Rather than stand outside this new family’s home, patting your legs and shouting, “Here Spot, come Spot,” you should contact the police and ask their help in recovering this beloved member of your family. (November 2003)
Dear Amy: I know this may sound bizarre, but can you please pass this on to readers? I own a pug dog. She’s almost 2 years old, is very active at the dog park and loves long walks. She is the average weight of a pug and has a clean bill of health.
It really burns me, though, that for every person who stops and comments on what a nice-looking dog I have, there are two people who feel the need to tell me that she is overweight.
When you see a dog — or any pet for that matter — and you want to make a comment about its weight, think about how you would feel if someone said that about your child, spouse or even yourself. It hurts.
Dear Upset: I have an enormous and overweight cat and it used to bother me when people pointed out the obvious until I realized that they were right. Now I just laugh and say, “Hey, he’s just big-boned!”
Tell people that your pug’s body shape is pretty normal for the breed. Pugs are hilarious and lovable. This is a very small issue in the overall scheme of things —you are giving it too much weight. (April 2005)
Dear Amy: My in-laws are coming for a visit soon. They will be staying with my family and me.
They announced that they will be bringing their 80-pound black lab with them to our house. This is an inside dog, and we have cats who don’t get along with dogs. It is also well known (to the in-laws) that I don’t care for dogs.

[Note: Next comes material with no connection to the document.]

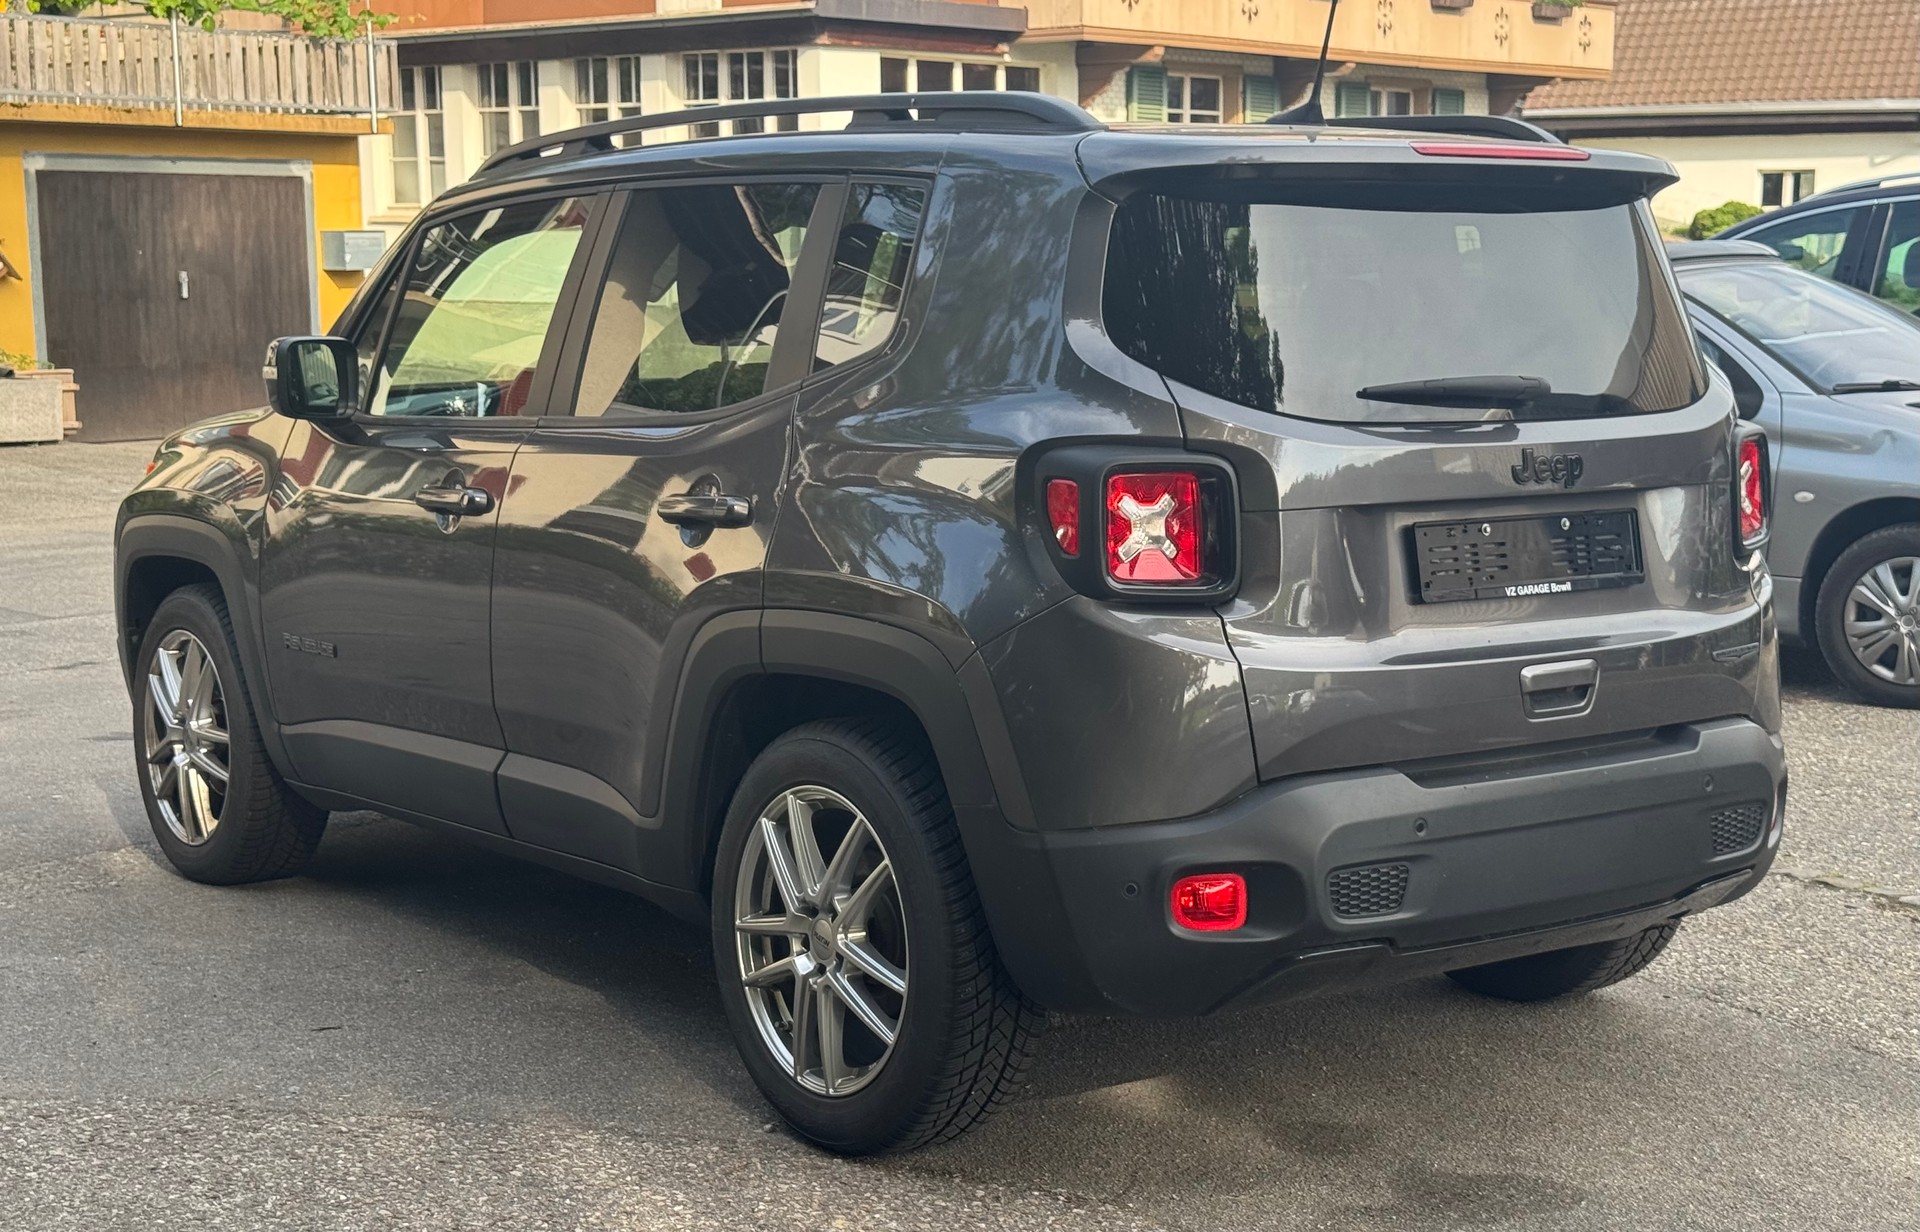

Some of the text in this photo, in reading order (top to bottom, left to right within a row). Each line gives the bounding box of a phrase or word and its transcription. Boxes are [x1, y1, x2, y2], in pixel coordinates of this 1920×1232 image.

[1511, 447, 1584, 489] Jeep
[1504, 586, 1517, 597] VZ
[1517, 583, 1551, 596] GARAGE

I am upset because they didn’t ask for permission. Originally the dog was supposed to stay at a relative’s house, at my in-laws’ suggestion. When I brought that up, it was dismissed with, “I'll take the dog for lots of walks, and he can stay in the car.”
This dog is not used to staying in a car, except for long trips, and he is not used to being left outside.

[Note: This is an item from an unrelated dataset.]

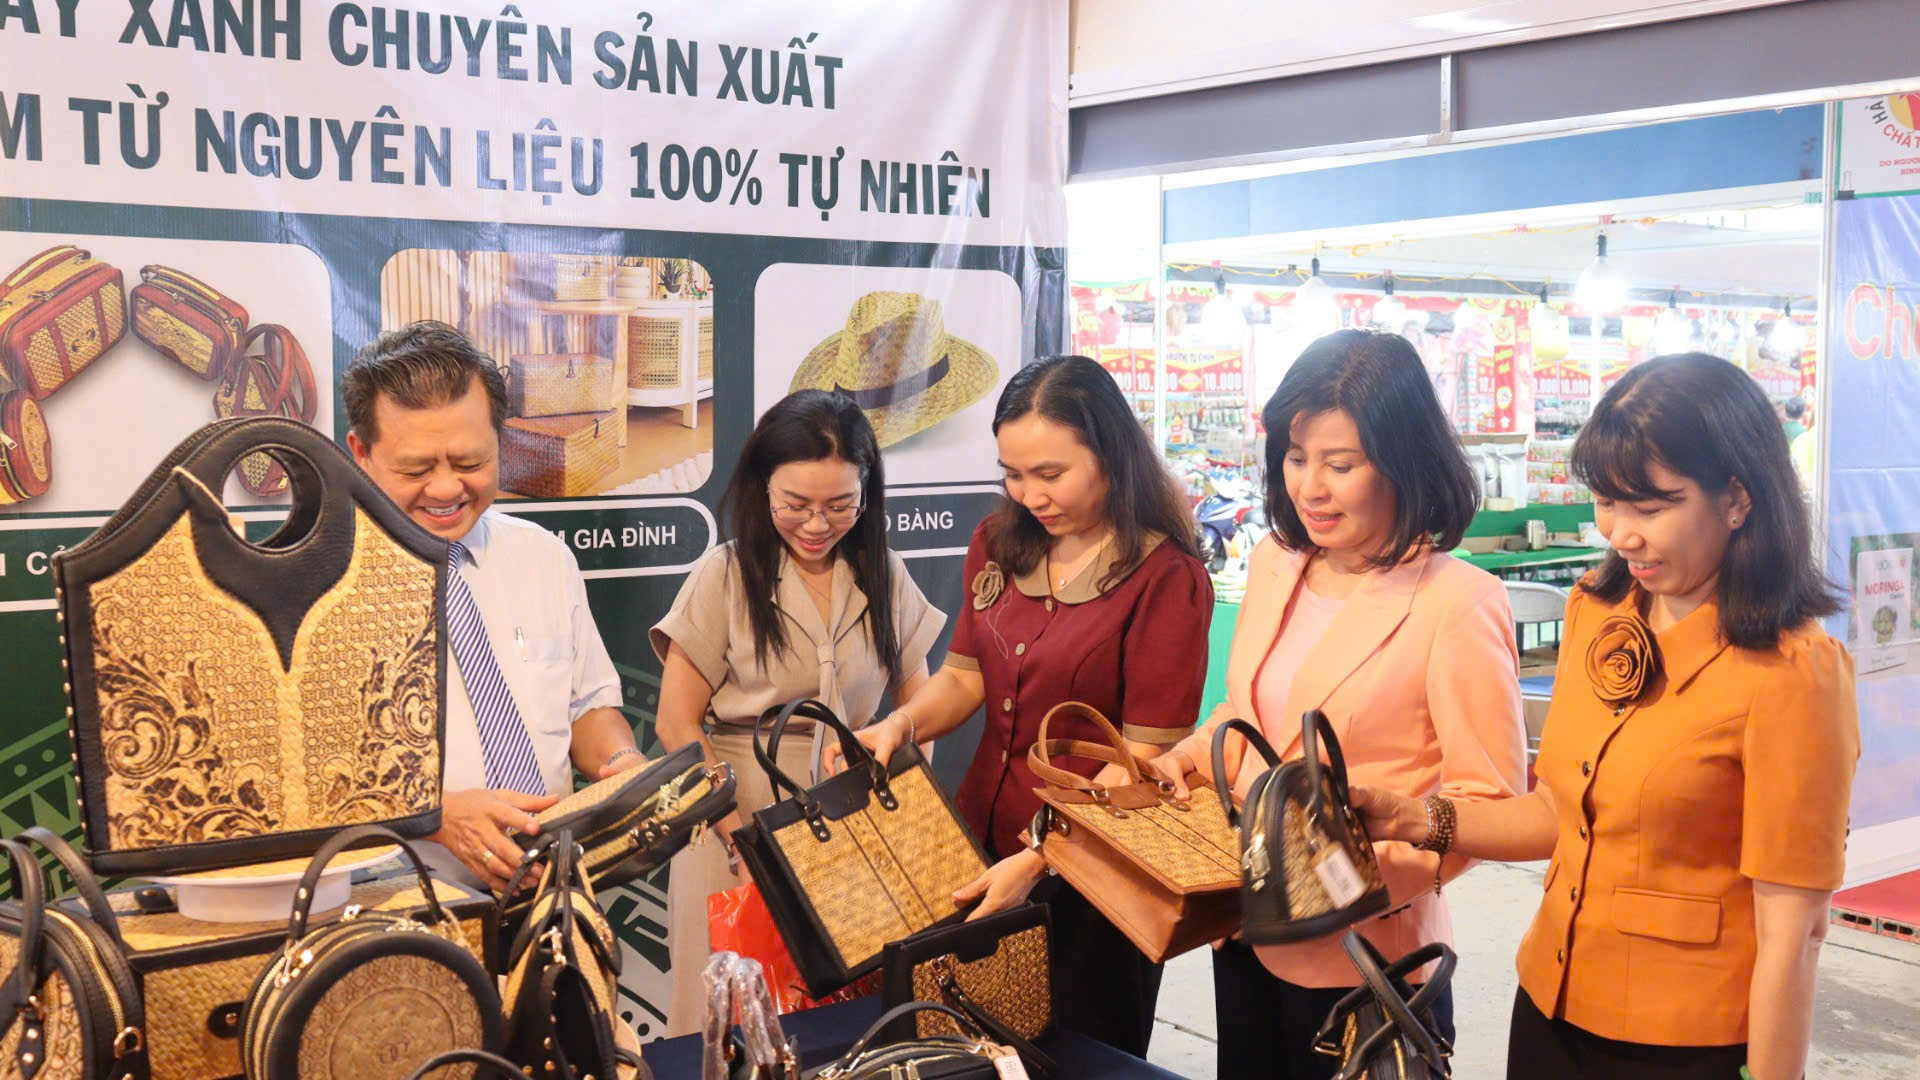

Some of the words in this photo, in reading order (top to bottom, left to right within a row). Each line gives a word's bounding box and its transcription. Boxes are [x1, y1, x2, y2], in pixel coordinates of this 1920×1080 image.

I haven’t said anything, because I’m trying to keep the peace, and I think it is my husband’s place to say something. But now my husband thinks the dog will be fine outdoors.
Am I being unreasonable?
What should I do?
— Doggone Annoyed
Dear Annoyed: Well, I sure hope that you enjoy your houseguests and their dog, because you and your husband’s unwillingness to confront this issue pretty much guarantees that you’re going to have an 80-pound black lab sleeping on your bed.
I’m not sure why keeping the peace takes precedence over your home and your own pets, not to mention this dog’s well-being (the thought of him “staying in the car” is disturbing), but you are making a mistake in letting this slide. Of course your husband should speak to his parents, and if he won’t, then you should.
You should call your in-laws and give them the name of a nearby kennel. Boarding the dog at a nearby facility means the dog won’t have to stay outside or in the car (which is quite cruel), and your in-laws can visit him for those long walks they like to take together. (November 2005)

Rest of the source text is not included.